Case Presentation: A 77-year-old man with a history of coronary artery disease and prior coronary artery bypass surgery presented with a five-day history of fever and shortness of breath. On examination, he had a temperature of 101.8°F, heart rate of 131 bpm, respiratory rate of 44, and oxygen saturation of 96% on room air. Laboratory tests revealed a WBC of 11,000/μL, hemoglobin of 6 g/dL, platelets of 100,000/μL, venous pH of 7.15, pCO₂ of 25 mmHg, lactate of 14.6 mmol/L, bicarbonate of 9 mmol/L, creatinine of 1.80 mg/dL, an anion gap of 28, Pro-BNP of 8867 pg/mL, and troponin of 939 ng/L. EKG showed ST depressions in the lateral leads, and chest X-ray revealed right lung infiltrates with bilateral congestion. Broad-spectrum antibiotics were started. The patient was admitted to the CCU due to concern for acute decompensated heart failure in the setting of severe sepsis secondary to pneumonia. Upon admission, the patient’s differential on the CBC showed blasts, reaching up to 26%. An acute blast crisis was suspected. Hematology review of the peripheral smear revealed increasing blasts and promyelocytes with numerous Auer rods, raising suspicion for acute leukemia. Due to increased work of breathing and severe acidosis, the patient required intubation. All-trans retinoic acid (ATRA) was initiated due to concern for acute promyelocytic leukemia, but it was discontinued after flow cytometry and bone marrow biopsy confirmed AML. The patient was extubated after three days, with improvement in shock and resolution of infection. Subsequently, the patient was started on induction therapy for AML, with venetoclax (a BCL-2 inhibitor) and decitabine (a hypomethylating agent). The patient is now doing well and is being followed by the Hematology/Oncology clinic.

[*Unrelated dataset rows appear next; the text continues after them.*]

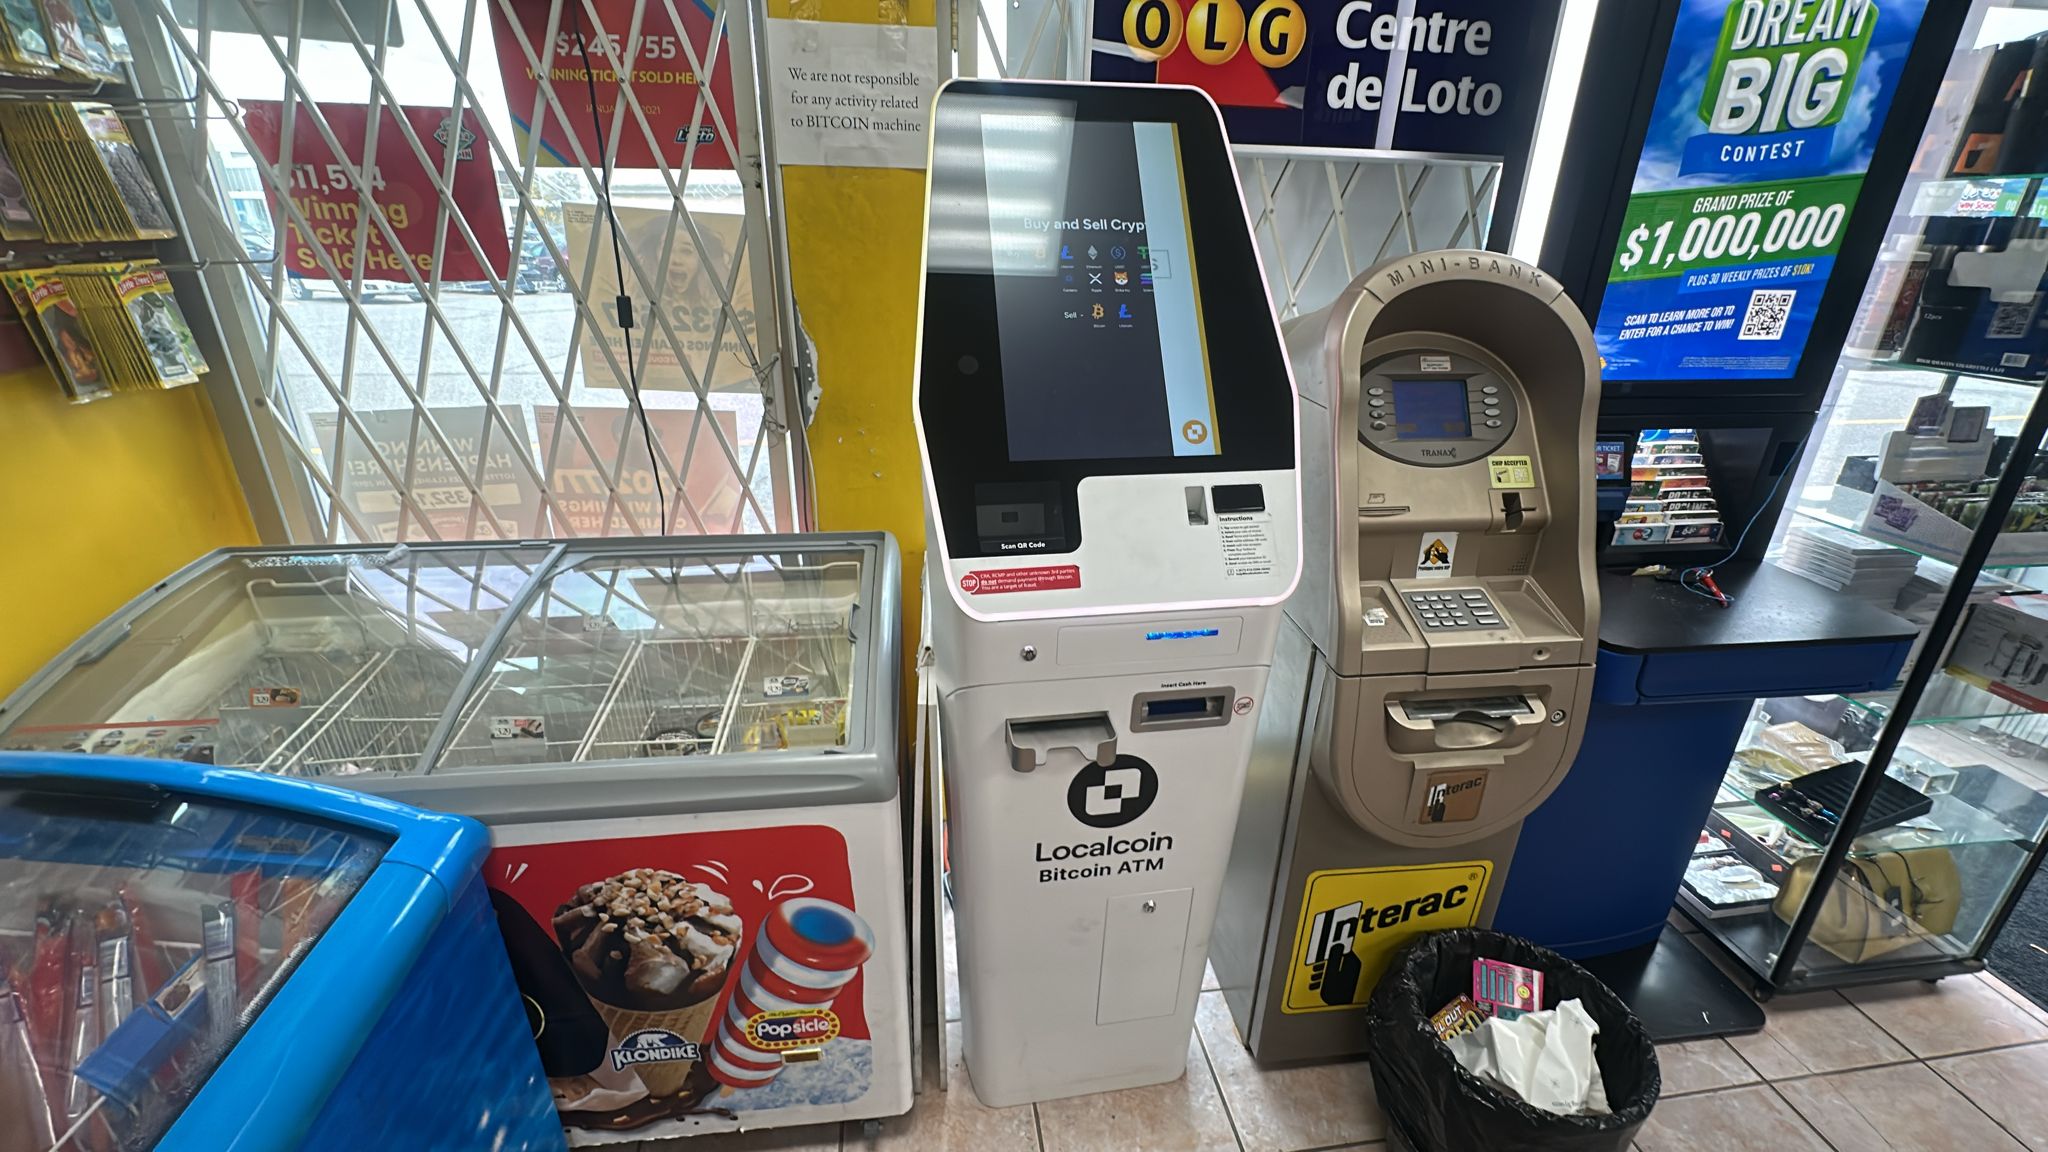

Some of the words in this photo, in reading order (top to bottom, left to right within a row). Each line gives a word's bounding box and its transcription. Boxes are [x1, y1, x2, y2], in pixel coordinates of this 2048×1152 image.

[1135, 0, 1292, 55] OLG
[1336, 0, 1491, 56] Centre
[1731, 0, 1872, 50] DREAM
[639, 70, 674, 83] SOLD
[788, 66, 807, 81] We
[810, 73, 828, 82] are
[831, 72, 851, 83] not
[854, 73, 920, 89] responsible
[791, 90, 809, 105] for
[811, 96, 831, 109] any
[835, 95, 877, 112] activity
[880, 96, 919, 110] related
[1327, 62, 1381, 111] de
[1402, 67, 1502, 117] Loto
[1708, 47, 1848, 135] BIG
[791, 117, 803, 128] to
[806, 116, 869, 130] BITCOIN
[873, 118, 921, 132] machine
[1720, 140, 1805, 163] CONTEST
[1693, 197, 1736, 214] GRAND
[1737, 192, 1775, 210] PRIZE
[1775, 190, 1795, 207] OF
[1024, 218, 1050, 233] Buy
[1054, 218, 1080, 231] and
[1082, 218, 1108, 231] Sell
[1619, 203, 1846, 272] $1,000,000
[134, 274, 151, 287] Trees
[1386, 256, 1543, 287] MINI-BANK
[1687, 275, 1708, 287] PLUS
[1708, 274, 1719, 286] 30
[1720, 270, 1751, 283] WEEKLY
[1751, 267, 1780, 281] PRIZES
[1780, 266, 1792, 278] OF
[1063, 311, 1078, 319] Sell
[1624, 315, 1647, 327] SCAN
[1647, 313, 1659, 325] TO
[1658, 309, 1685, 323] LEARN
[1685, 307, 1712, 320] MORE
[1711, 306, 1724, 317] OR
[1723, 305, 1735, 316] TO
[1619, 328, 1646, 340] ENTER
[1646, 326, 1664, 337] FOR
[1663, 325, 1670, 335] A
[1670, 322, 1702, 335] CHANCE
[1702, 321, 1714, 331] TO
[1714, 318, 1735, 330] WIN!
[1421, 449, 1453, 457] TRANAX
[962, 579, 977, 587] STOP
[1427, 777, 1482, 806] Interac
[1035, 831, 1174, 862] Localcoin
[1039, 863, 1112, 883] Bitcoin
[1117, 857, 1164, 875] ATM
[1315, 885, 1469, 960] Interac
[757, 1018, 829, 1038] Popsicle
[613, 1044, 698, 1070] KLONDIKE

Discussion: This case underscores the diagnostic complexities and multidisciplinary challenges of atypical presentations of AML. The patient’s initial symptoms were common to many acute conditions, which made diagnosis elusive. Laboratory findings were initially interpreted in the context of his comorbidities, but the turning point came with the CBC differential, which revealed blasts. This finding, along with the presence of Auer rods on the peripheral smear, was critical in shifting the diagnostic focus to a hematologic malignancy. AML can have various types of clinical presentations. Apart from the blasts, AML can present with anemia and thrombocytopenia. Flow cytometry is the primary diagnostic tool to differentiate acute myeloid leukemia (AML) from blast crises of chronic myeloid leukemia (CML). This is important as the two require distinct treatment approaches. Rapid diagnosis is critical, especially in cases of acute promyelocytic leukemia (APML), a subtype of AML, to prevent life-threatening complications like disseminated intravascular coagulation.AML treatment is tailored to the individual, involving options such as targeted chemotherapy, autologous hematopoietic stem cell transplantation, or enrollment in clinical trials.
Conclusions: This case illustrates the importance of thorough laboratory evaluation, including peripheral smear review, in detecting hematologic malignancies. It also highlights the need for flexibility in therapeutic strategies based on evolving diagnostic information. By recognizing and addressing atypical presentations of AML, clinicians can improve diagnostic accuracy, treatment efficacy, patient prognosis, and quality of care.